### PROBLEM
If an entry holds a picture, skip the picture but copy everything else exactly.

%%

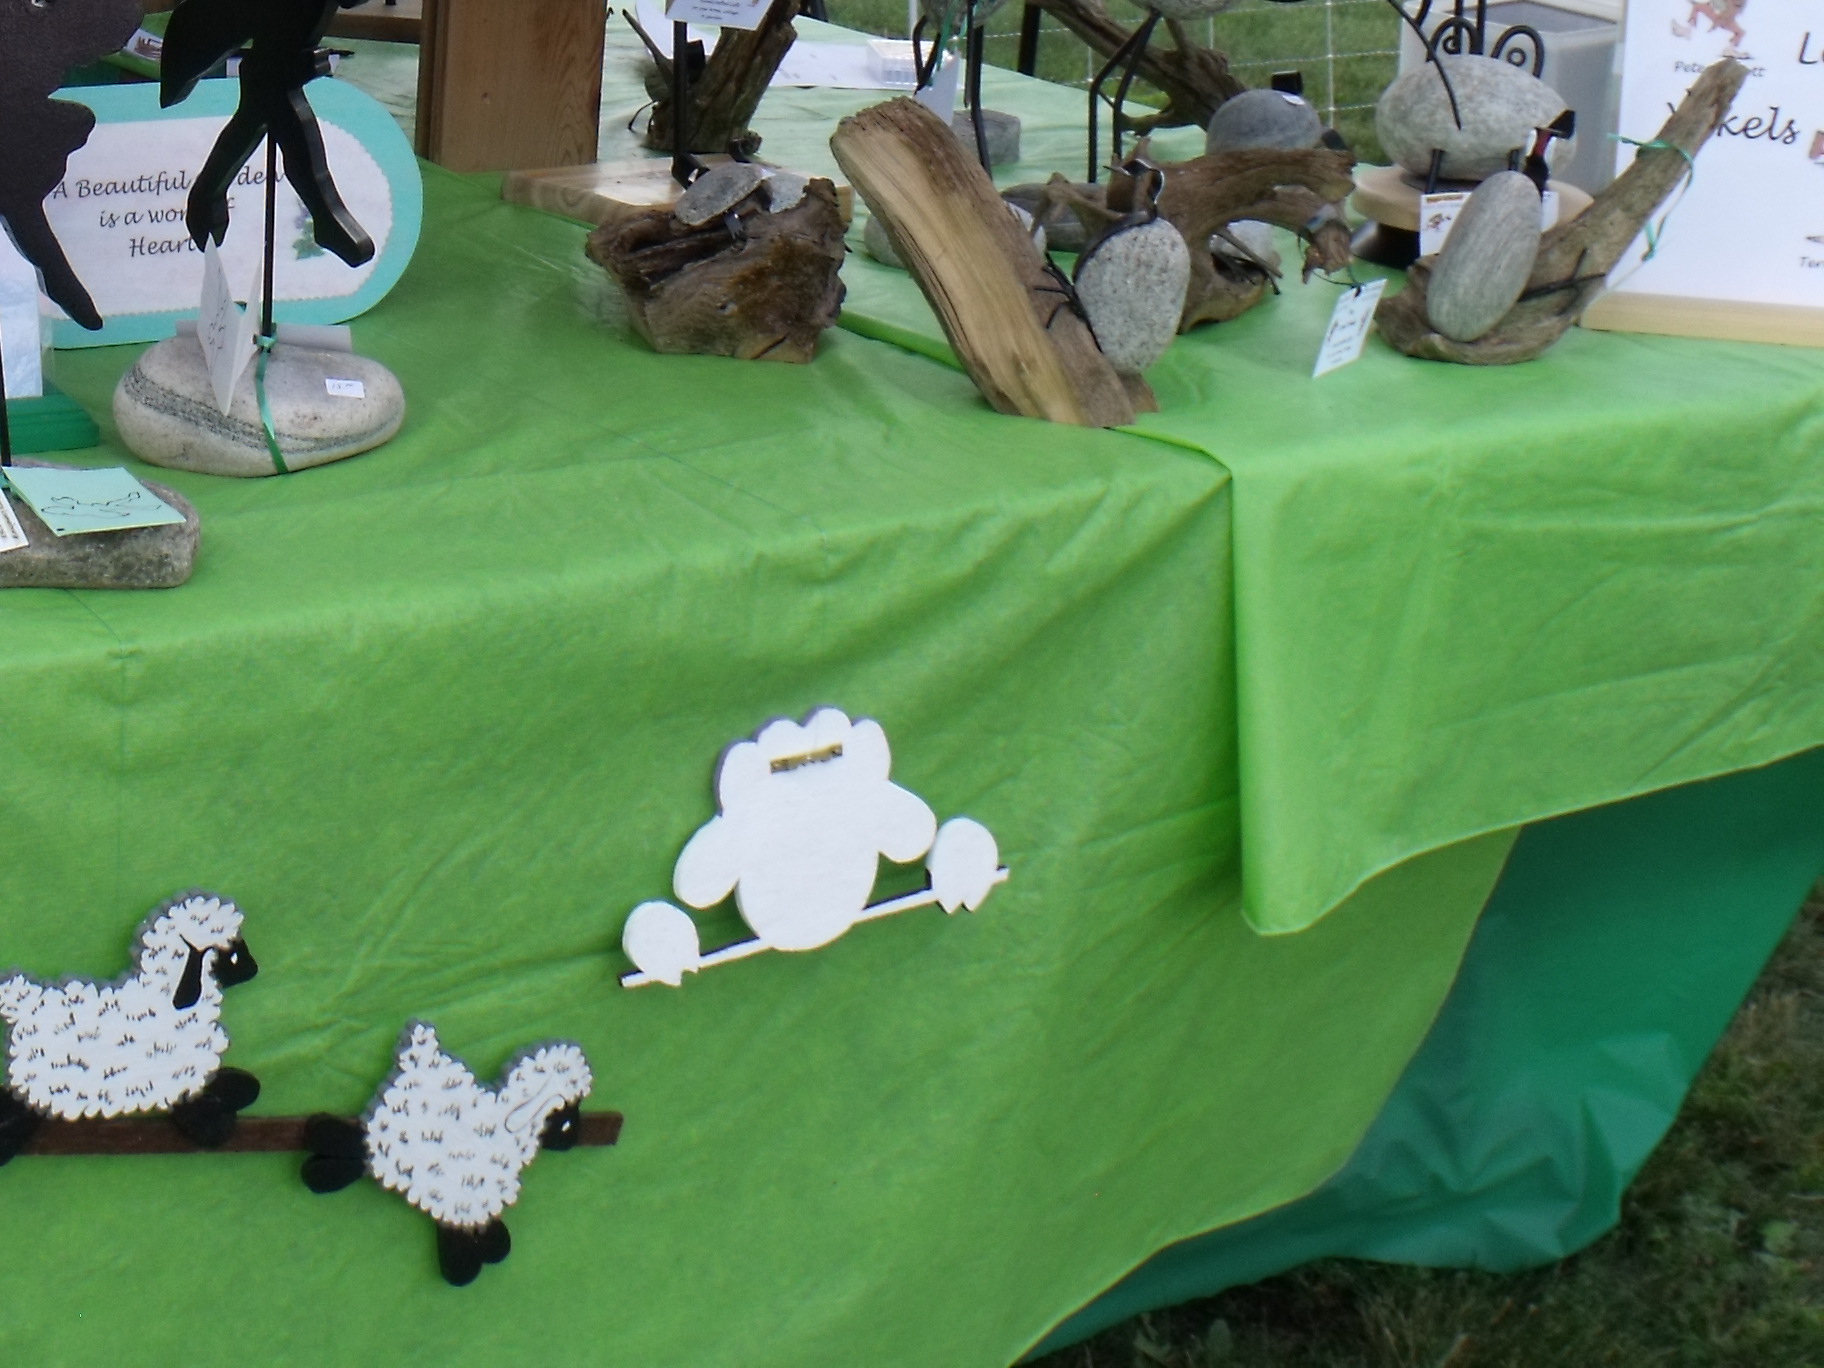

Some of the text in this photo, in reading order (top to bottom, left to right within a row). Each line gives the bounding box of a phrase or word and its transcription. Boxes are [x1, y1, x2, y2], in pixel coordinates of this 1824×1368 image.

[1667, 102, 1801, 146] kels
[53, 169, 191, 200] A Beautiful
[98, 208, 145, 229] is a
[128, 235, 197, 259] Heart
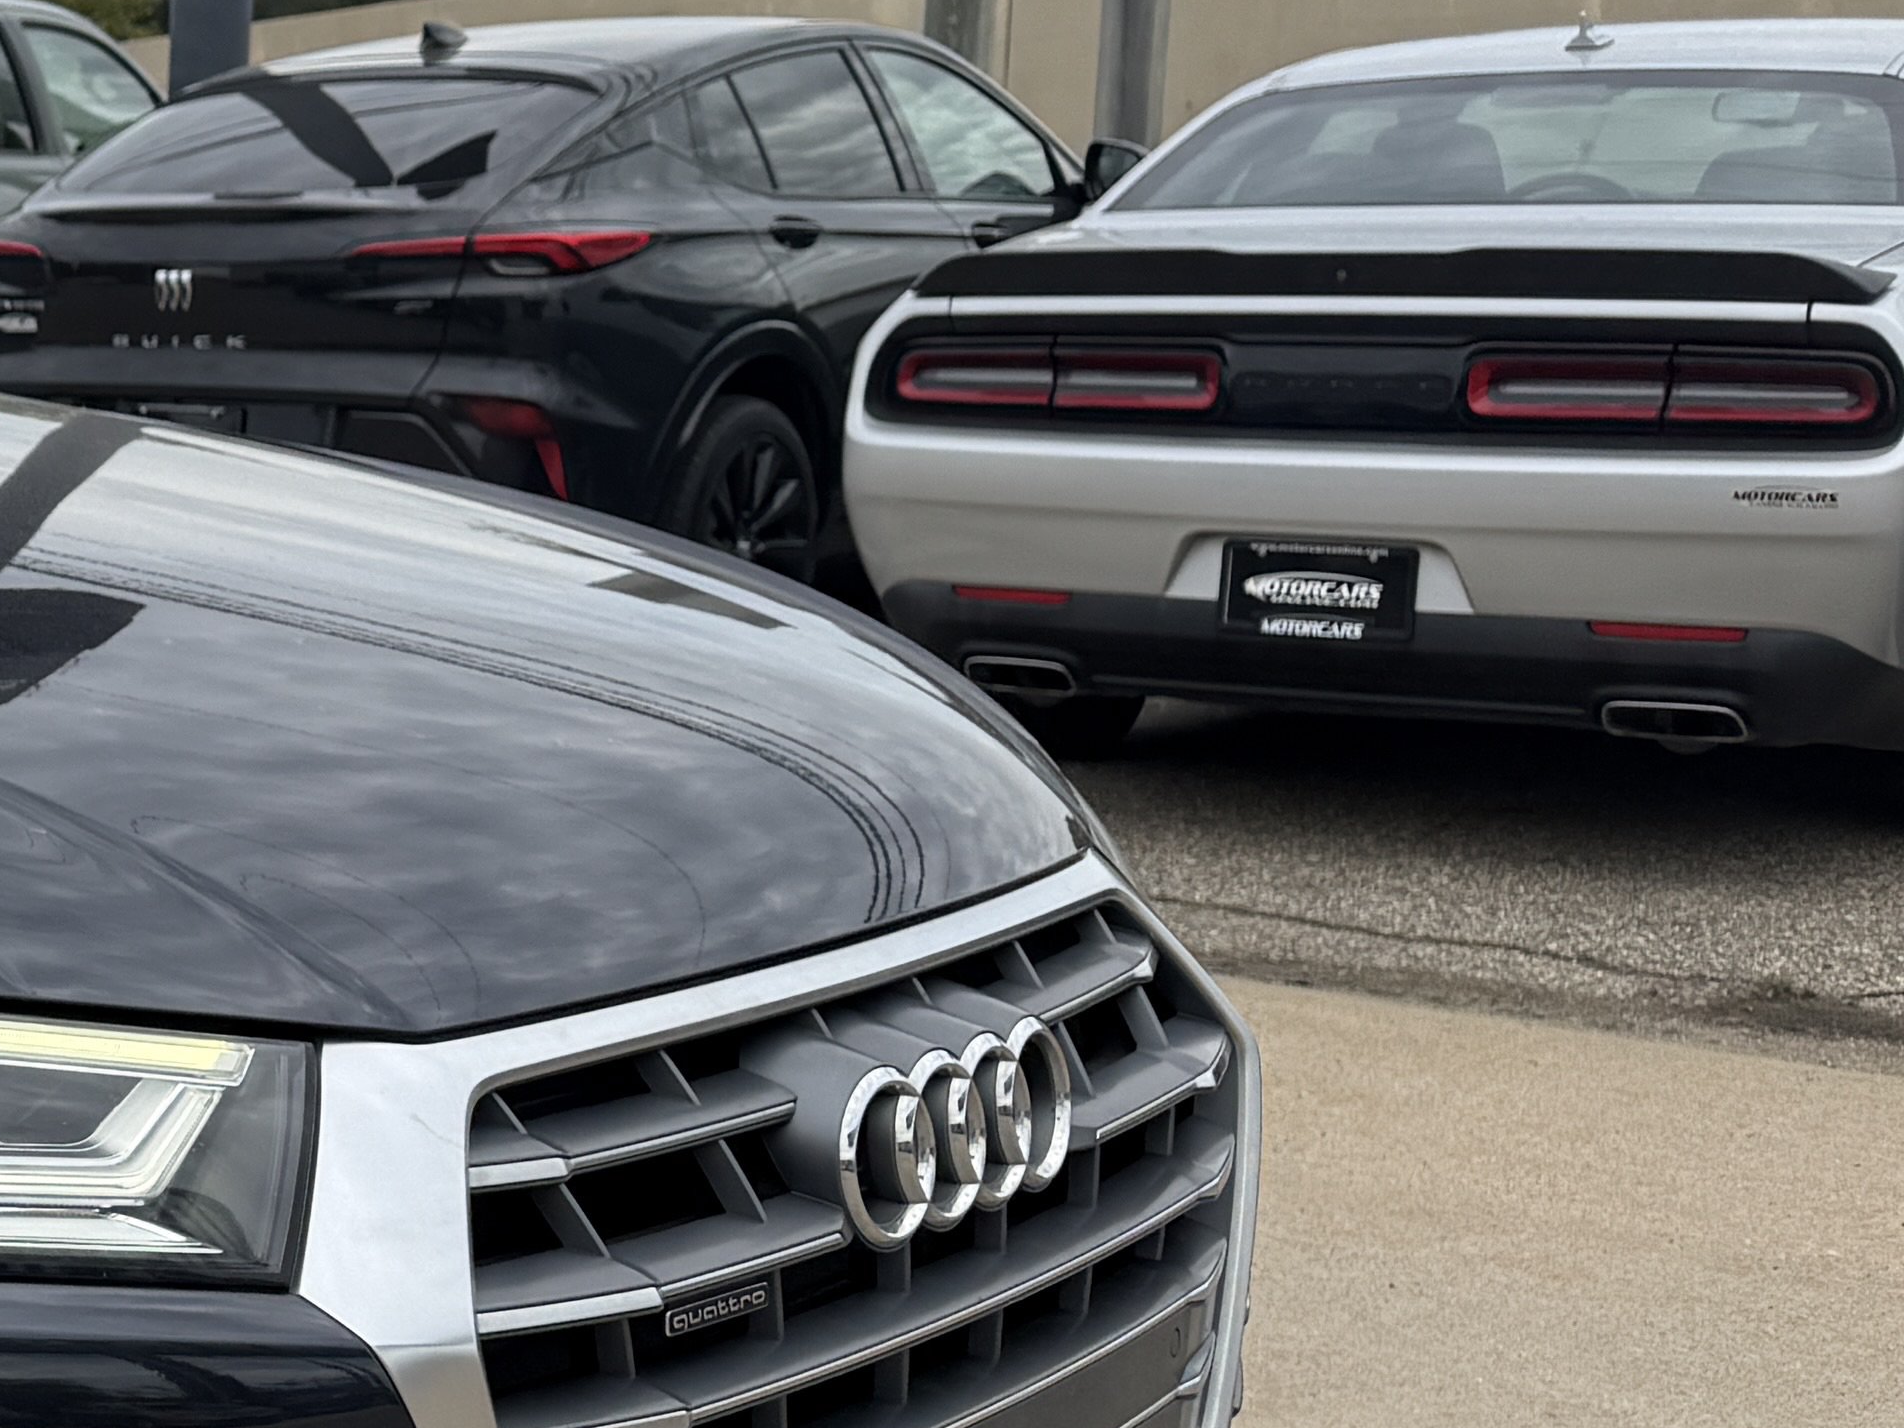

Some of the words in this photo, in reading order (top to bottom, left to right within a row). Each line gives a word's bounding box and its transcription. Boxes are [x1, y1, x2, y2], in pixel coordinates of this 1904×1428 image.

%%

### SOLUTION TO THE PROBLEM
Some of the text in this photo, in reading order (top to bottom, left to right within a row). Each line gives the bounding box of a phrase or word and its transcription. Boxes are [x1, y1, x2, y2], in pixel coordinates of this 1824×1368 image.

[1667, 102, 1801, 146] kels
[53, 169, 191, 200] A Beautiful
[98, 208, 145, 229] is a
[128, 235, 197, 259] Heart

Some of the words in this photo, in reading order (top to bottom, left to right within a row). Each line gives a word's bounding box and its transcription. Boxes are [x1, y1, x2, y2], in pixel coordinates of this 1904×1428 image.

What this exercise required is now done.